*** THE DATA ***

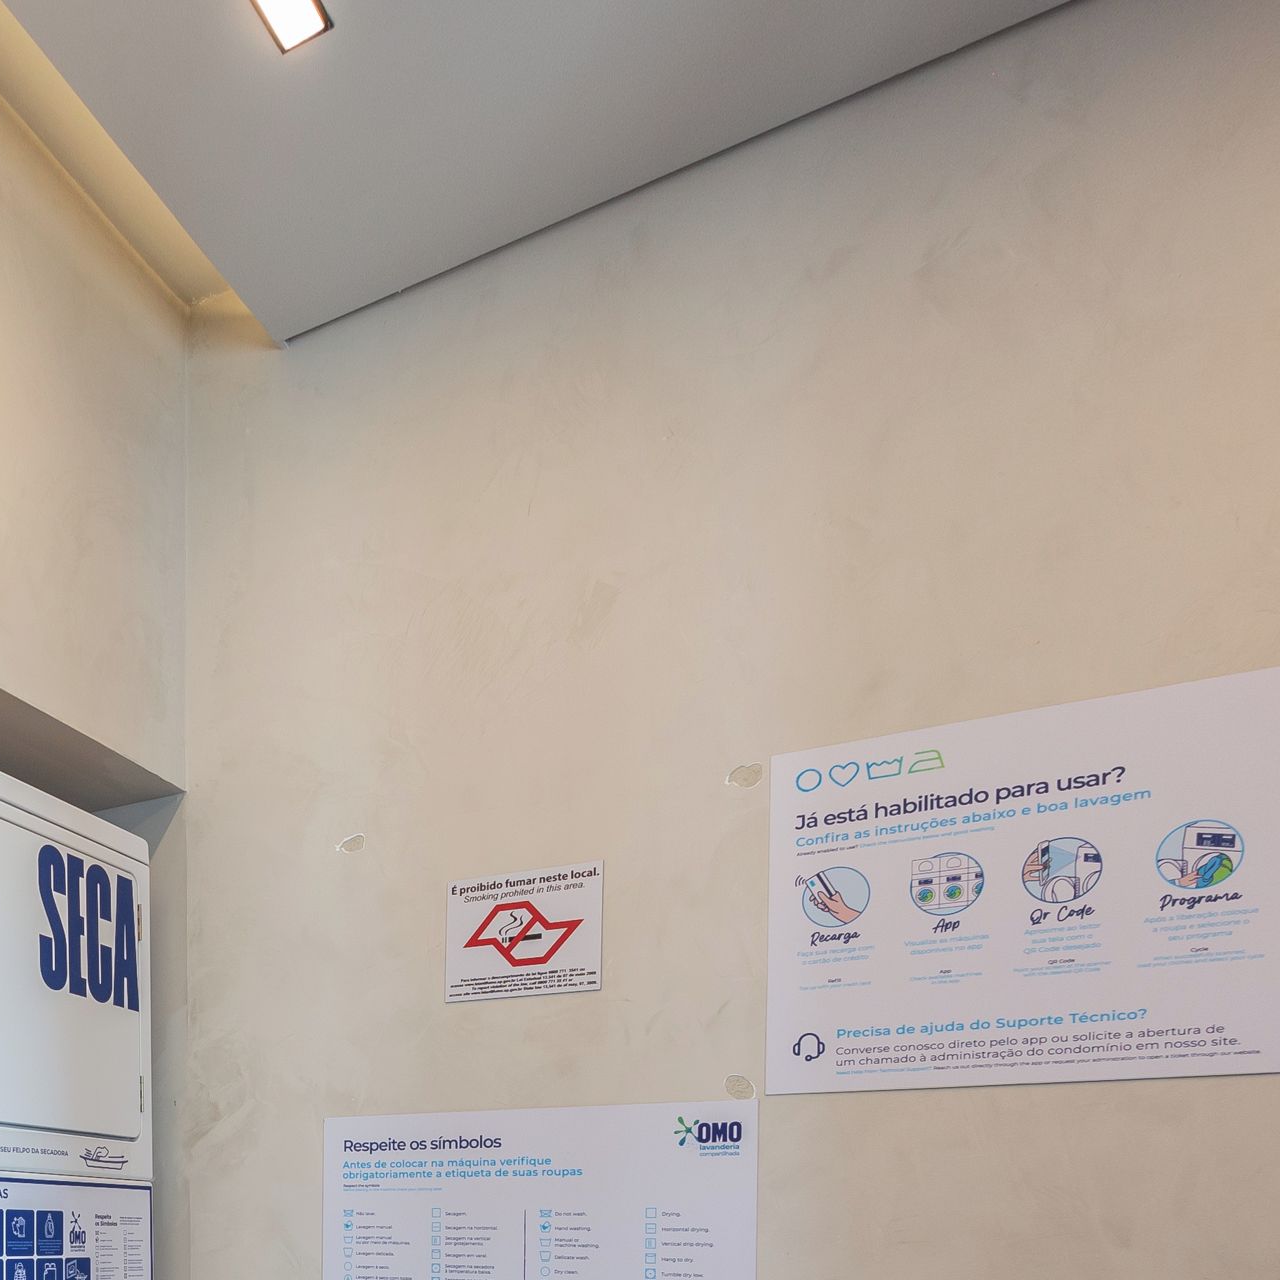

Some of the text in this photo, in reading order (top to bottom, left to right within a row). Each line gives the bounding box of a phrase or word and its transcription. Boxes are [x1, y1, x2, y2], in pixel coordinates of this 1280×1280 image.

[795, 766, 1126, 830] Já está habilitado para usar?
[796, 832, 849, 847] Confira
[854, 830, 870, 839] as
[875, 817, 957, 836] instruções
[962, 808, 1016, 824] abaixo
[1021, 807, 1031, 815] e
[1037, 801, 1068, 814] boa
[1074, 790, 1151, 808] lavagem
[451, 867, 600, 896] É proibido fumar neste local.
[463, 882, 585, 904] Smoking prohited in this area.
[1160, 892, 1243, 911] Programa
[1057, 904, 1095, 922] Code
[38, 845, 140, 1012] SECA
[932, 918, 960, 934] App
[810, 931, 861, 946] Recarga
[837, 1008, 1147, 1039] Precisa de ajuda do Suporte Técnico?
[836, 1024, 1225, 1055] Converse conosco direto pelo app ou solicite a abertura de
[858, 1054, 916, 1065] chamado
[919, 1053, 927, 1062] à
[930, 1047, 1023, 1062] administração
[1026, 1044, 1044, 1056] do
[1047, 1042, 1132, 1055] condomínio
[1135, 1042, 1159, 1051] em
[1164, 1040, 1207, 1049] nosso
[1211, 1037, 1240, 1046] site.
[698, 1121, 742, 1143] OMO
[344, 1135, 502, 1155] Respeite os símbolos
[343, 1161, 373, 1169] Antes
[374, 1160, 387, 1168] de
[390, 1159, 428, 1168] colocar
[447, 1157, 496, 1170] máquina
[499, 1156, 551, 1169] verifique
[343, 1170, 433, 1181] obrigatoriamente
[445, 1167, 491, 1179] etiqueta
[494, 1168, 509, 1177] de
[512, 1169, 538, 1177] suas
[542, 1169, 583, 1178] roupas
[70, 1230, 86, 1244] OMO

***

> **PROBLEM STATEMENT**
The entries above are to be repeated exactly, except for any pictures.

> **YOUR SOLUTION**
Some of the text in this photo, in reading order (top to bottom, left to right within a row). Each line gives the bounding box of a phrase or word and its transcription. Boxes are [x1, y1, x2, y2], in pixel coordinates of this 1280×1280 image.

[795, 766, 1126, 830] Já está habilitado para usar?
[796, 832, 849, 847] Confira
[854, 830, 870, 839] as
[875, 817, 957, 836] instruções
[962, 808, 1016, 824] abaixo
[1021, 807, 1031, 815] e
[1037, 801, 1068, 814] boa
[1074, 790, 1151, 808] lavagem
[451, 867, 600, 896] É proibido fumar neste local.
[463, 882, 585, 904] Smoking prohited in this area.
[1160, 892, 1243, 911] Programa
[1057, 904, 1095, 922] Code
[38, 845, 140, 1012] SECA
[932, 918, 960, 934] App
[810, 931, 861, 946] Recarga
[837, 1008, 1147, 1039] Precisa de ajuda do Suporte Técnico?
[836, 1024, 1225, 1055] Converse conosco direto pelo app ou solicite a abertura de
[858, 1054, 916, 1065] chamado
[919, 1053, 927, 1062] à
[930, 1047, 1023, 1062] administração
[1026, 1044, 1044, 1056] do
[1047, 1042, 1132, 1055] condomínio
[1135, 1042, 1159, 1051] em
[1164, 1040, 1207, 1049] nosso
[1211, 1037, 1240, 1046] site.
[698, 1121, 742, 1143] OMO
[344, 1135, 502, 1155] Respeite os símbolos
[343, 1161, 373, 1169] Antes
[374, 1160, 387, 1168] de
[390, 1159, 428, 1168] colocar
[447, 1157, 496, 1170] máquina
[499, 1156, 551, 1169] verifique
[343, 1170, 433, 1181] obrigatoriamente
[445, 1167, 491, 1179] etiqueta
[494, 1168, 509, 1177] de
[512, 1169, 538, 1177] suas
[542, 1169, 583, 1178] roupas
[70, 1230, 86, 1244] OMO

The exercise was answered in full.